There are two sides to the human mind, an inside and an outside; both of which are susceptible of writing, and both are written on; the outside from the world through the senses, the inside from man's freewill. What is written inside is a faithful register of what man has willed, thought, and done; and what is written outside is a faithful portrayal of the things and circumstances which have come under the cognizance of the five senses. Both writings are registered with unerring certainty by orders over which man has no control. For instance, man intends to perform an action good or bad, quality no matter, and without his aid or concurrence it is written and fixed on the inside of his mind, which is his Book of Life, and he sees and knows it ever after as a true record of that intention.

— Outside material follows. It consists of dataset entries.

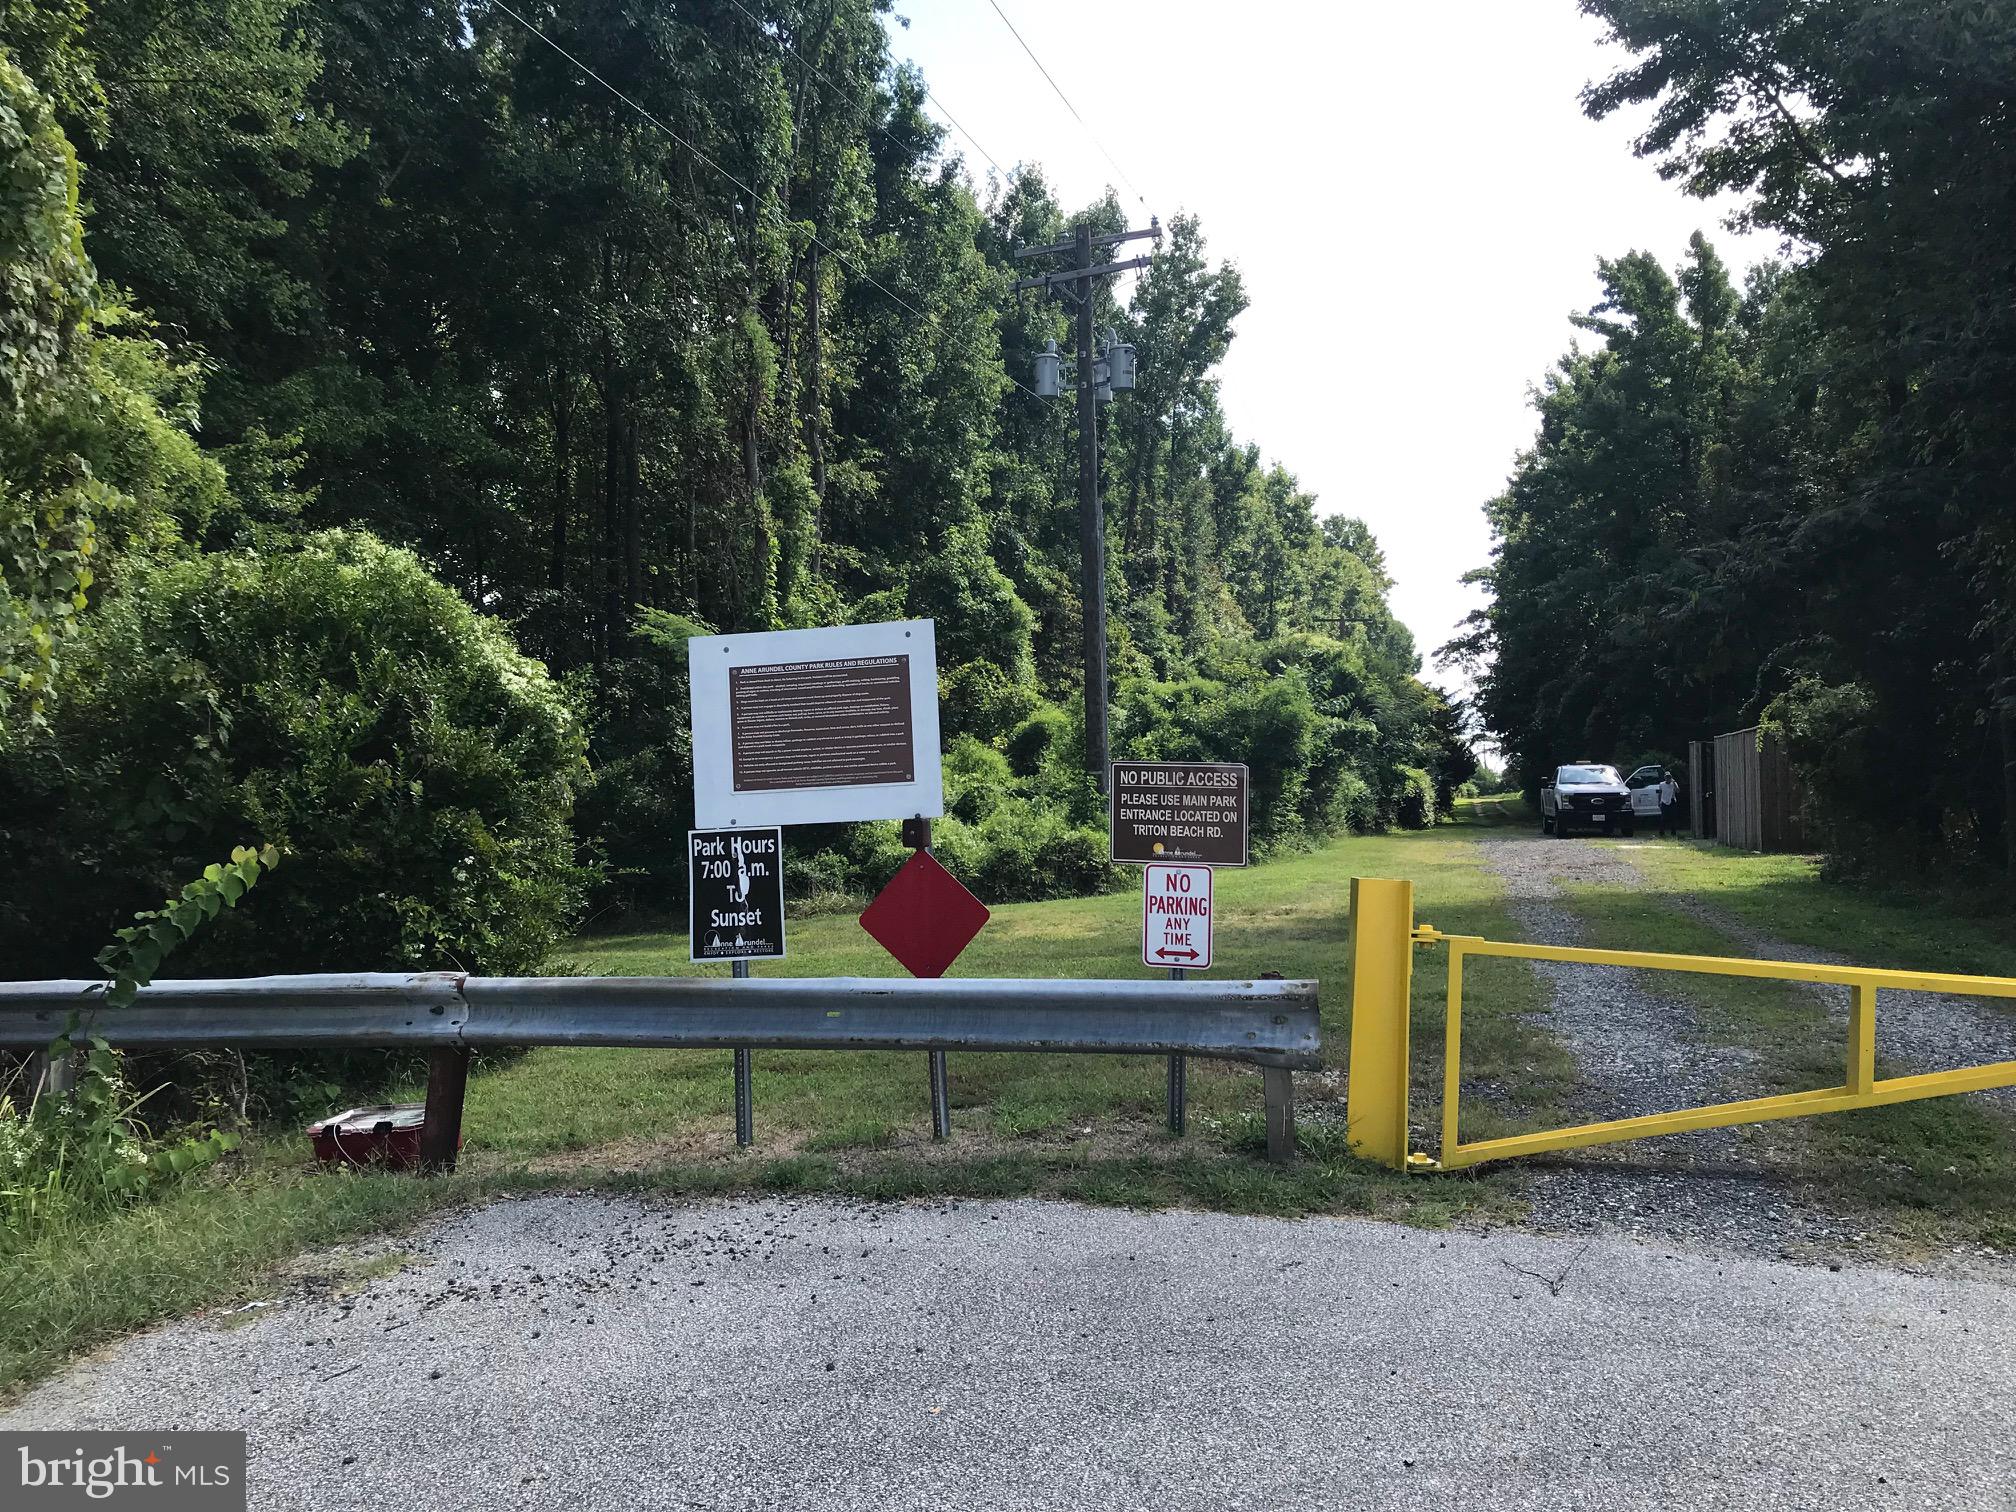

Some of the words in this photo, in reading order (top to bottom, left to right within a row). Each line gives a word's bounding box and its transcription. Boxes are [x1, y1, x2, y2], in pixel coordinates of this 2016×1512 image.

[741, 667, 758, 675] ANNE
[785, 664, 809, 672] COUNTY
[809, 662, 825, 670] PARK
[825, 661, 843, 669] RULES
[857, 657, 898, 666] REGULATIONS
[1120, 771, 1137, 785] NO
[1140, 771, 1184, 786] PUBLIC
[1187, 772, 1238, 787] ACCESS
[1121, 793, 1158, 805] PLEASE
[1160, 794, 1180, 806] USE
[1183, 795, 1207, 807] MAIN
[1210, 796, 1237, 807] PARK
[1120, 809, 1172, 821] ENTRANCE
[1174, 810, 1220, 822] LOCATED
[1222, 811, 1238, 823] ON
[1133, 824, 1168, 836] TRITON
[1170, 826, 1204, 837] BEACH
[1206, 827, 1224, 838] RD.
[693, 836, 725, 857] Park
[731, 836, 775, 856] Hours
[701, 860, 731, 879] 7:00
[738, 862, 769, 877] a.m.
[1166, 873, 1191, 893] NO
[726, 885, 746, 903] To
[1149, 895, 1207, 916] PARKING
[711, 908, 762, 928] Sunset
[1165, 917, 1191, 930] ANY
[1163, 932, 1192, 947] TIME
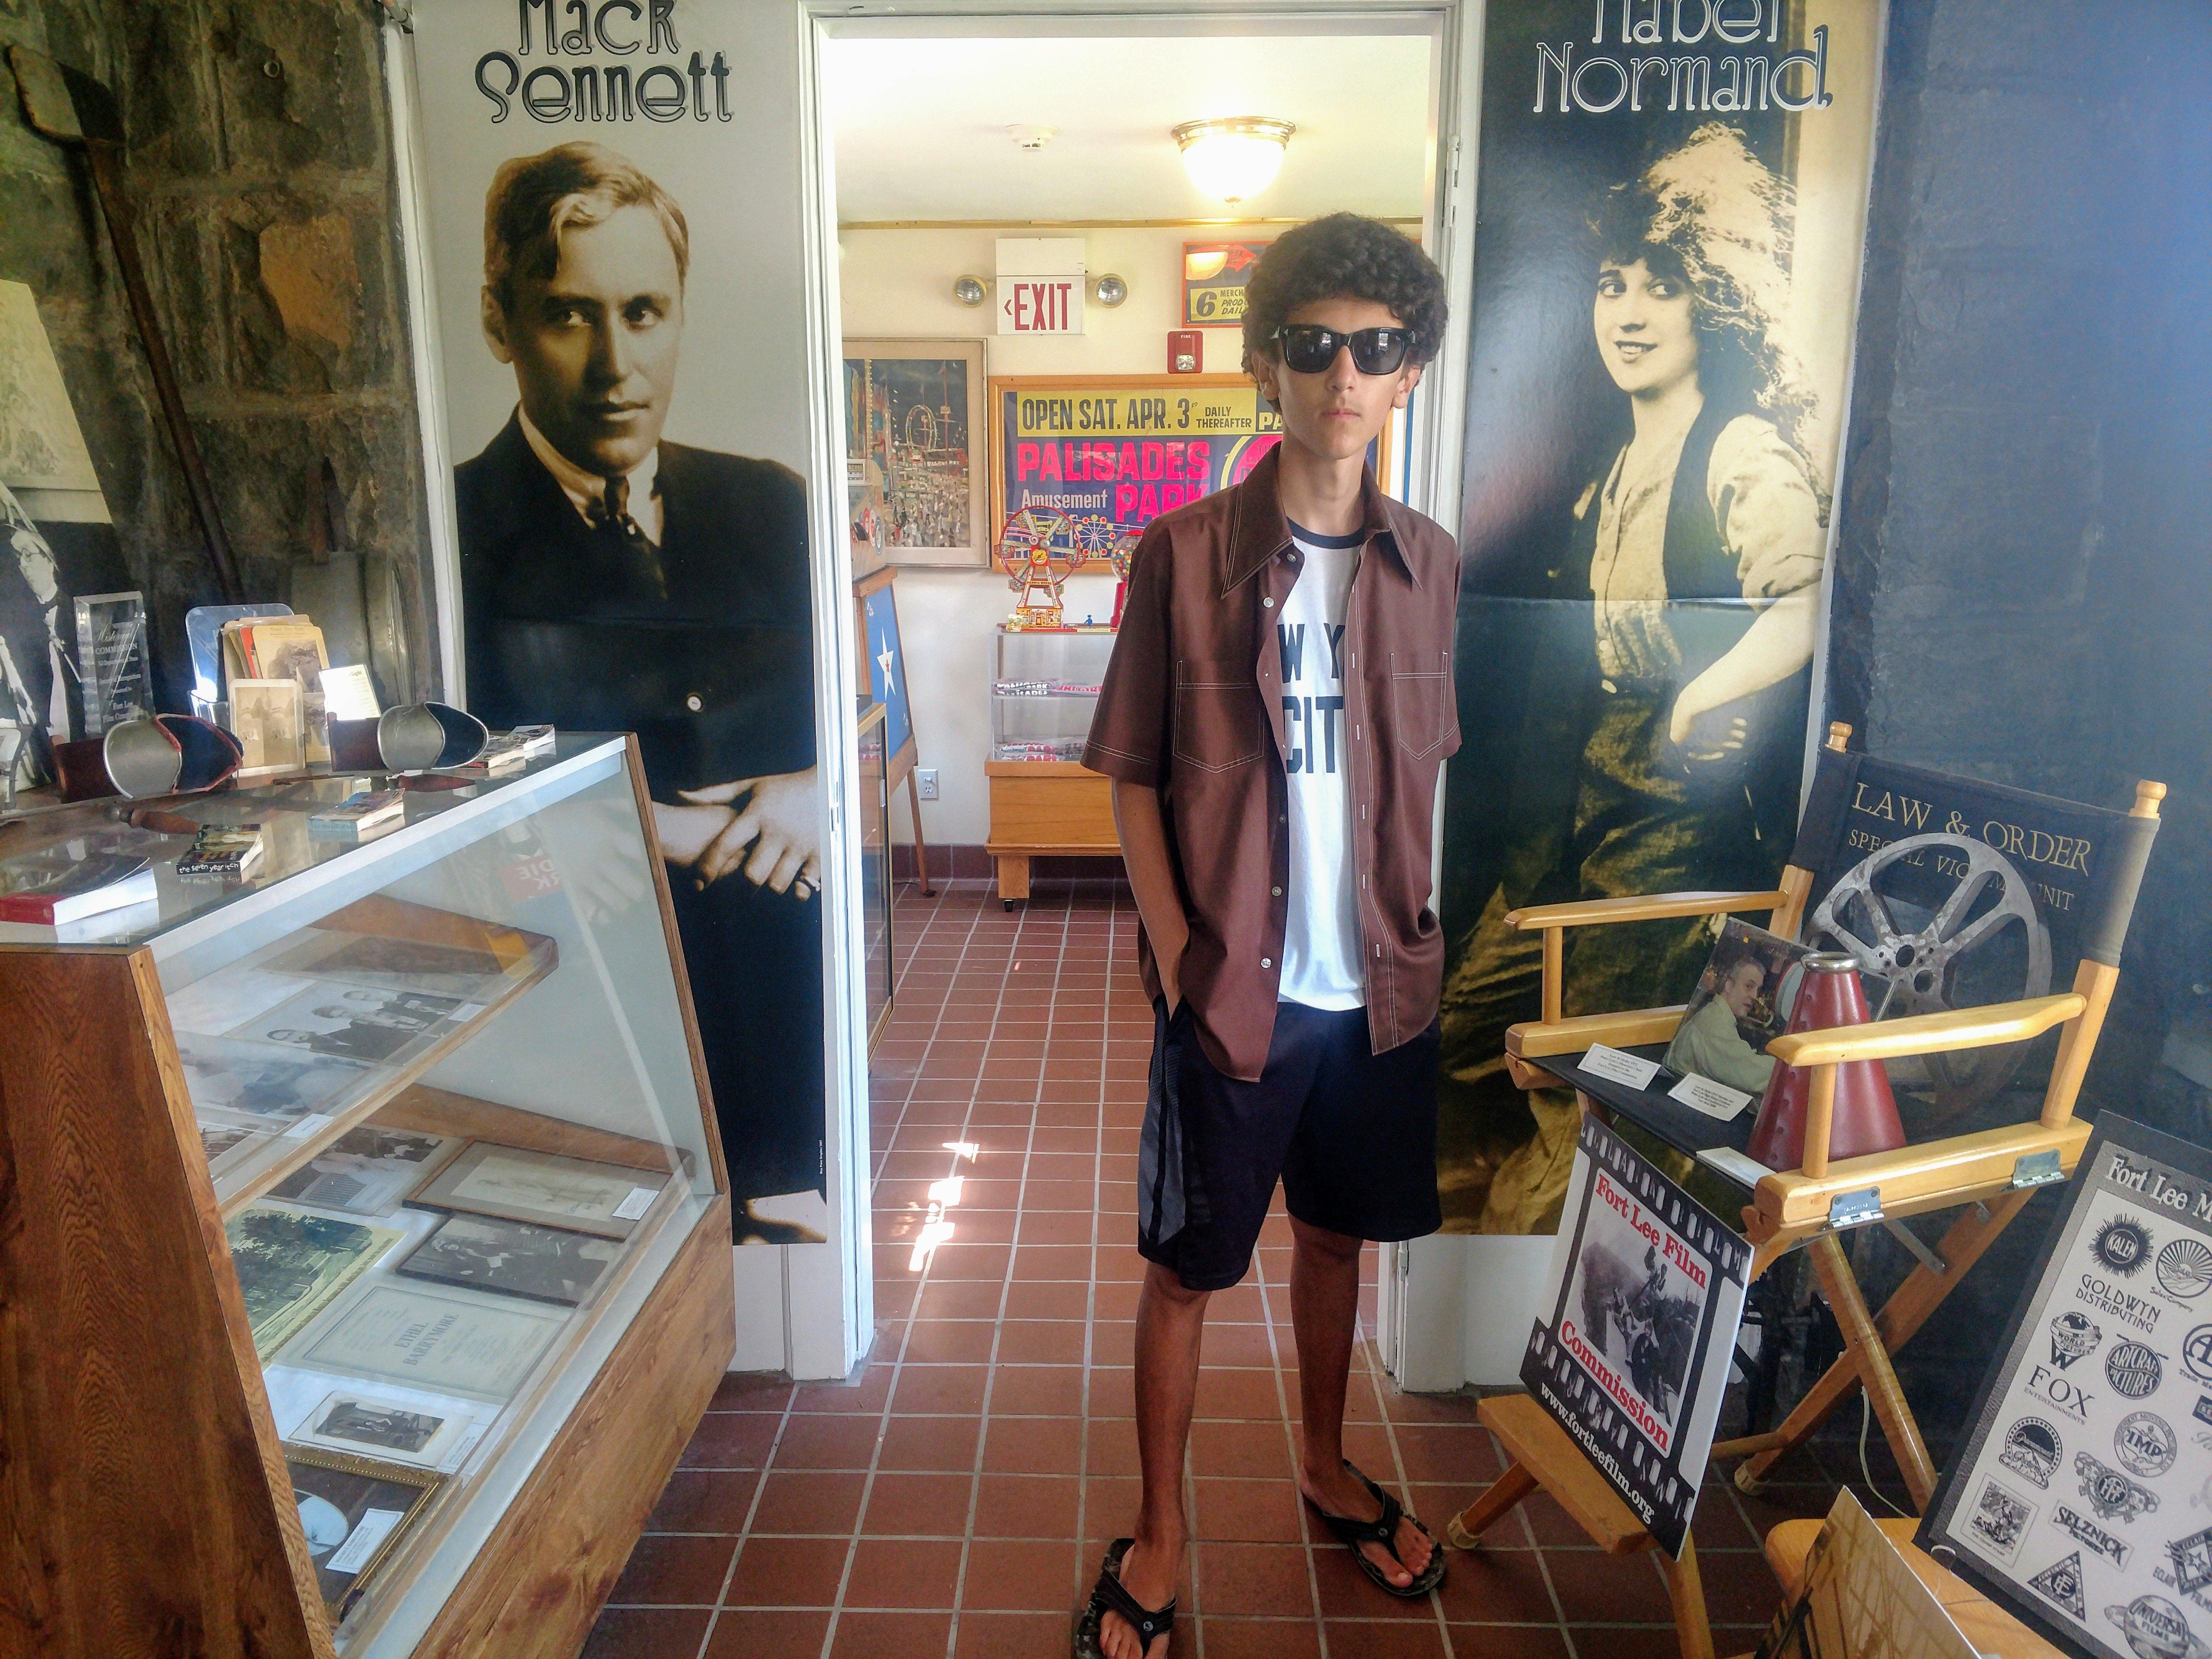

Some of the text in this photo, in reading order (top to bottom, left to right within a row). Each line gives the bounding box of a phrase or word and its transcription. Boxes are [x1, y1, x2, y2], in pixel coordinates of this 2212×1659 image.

[475, 51, 733, 124] Sennett
[1533, 31, 1830, 113] Normand
[1014, 283, 1071, 330] EXIT
[1196, 291, 1217, 317] 6
[1022, 399, 1072, 430] OPEN
[1080, 399, 1120, 430] SAT.
[1127, 398, 1171, 429] APR.
[1196, 417, 1253, 429] THEREAFTER
[1205, 406, 1232, 417] DAILY
[1017, 442, 1210, 481] PALISADES
[1021, 488, 1108, 510] Amusement
[1852, 782, 2092, 876] LAW & ORDER
[2105, 1156, 2148, 1193] Fort
[2150, 1175, 2188, 1211] Lee
[1595, 1173, 1706, 1290] Fort Lee Film
[2075, 1287, 2154, 1334] DISTRIBUTING
[2081, 1274, 2162, 1322] GOLDWYN
[403, 1313, 459, 1366] BARRYMORE
[1561, 1320, 1669, 1452] Commission
[2028, 1364, 2094, 1418] FOX
[2110, 1368, 2154, 1395] PICTURES
[2024, 1387, 2086, 1425] ENTERTAINMENTS
[1541, 1382, 1655, 1525] www.fortleefilm.org
[2126, 1431, 2162, 1457] IMP
[2053, 1506, 2128, 1567] SELZNICK
[2128, 1601, 2187, 1642] UNIVERSAL

As there is an inward and an outward writing, so there is an inward and an outward process by which those writings are effected. The inward process, or that by which the writing is effected on the outside, terminates in the memory; but the outward process, or that by which the writing is effected on the inside, as a writing process, terminates in the rational mind, but as a proceeding it is continued into bodily actions and words. And as the works are the outbirth of a motive and state of mind, they indicate that state; and, in the Scriptures, works are named to signify that state, or the motive which gave them birth; hence man is said to be judged according to his works.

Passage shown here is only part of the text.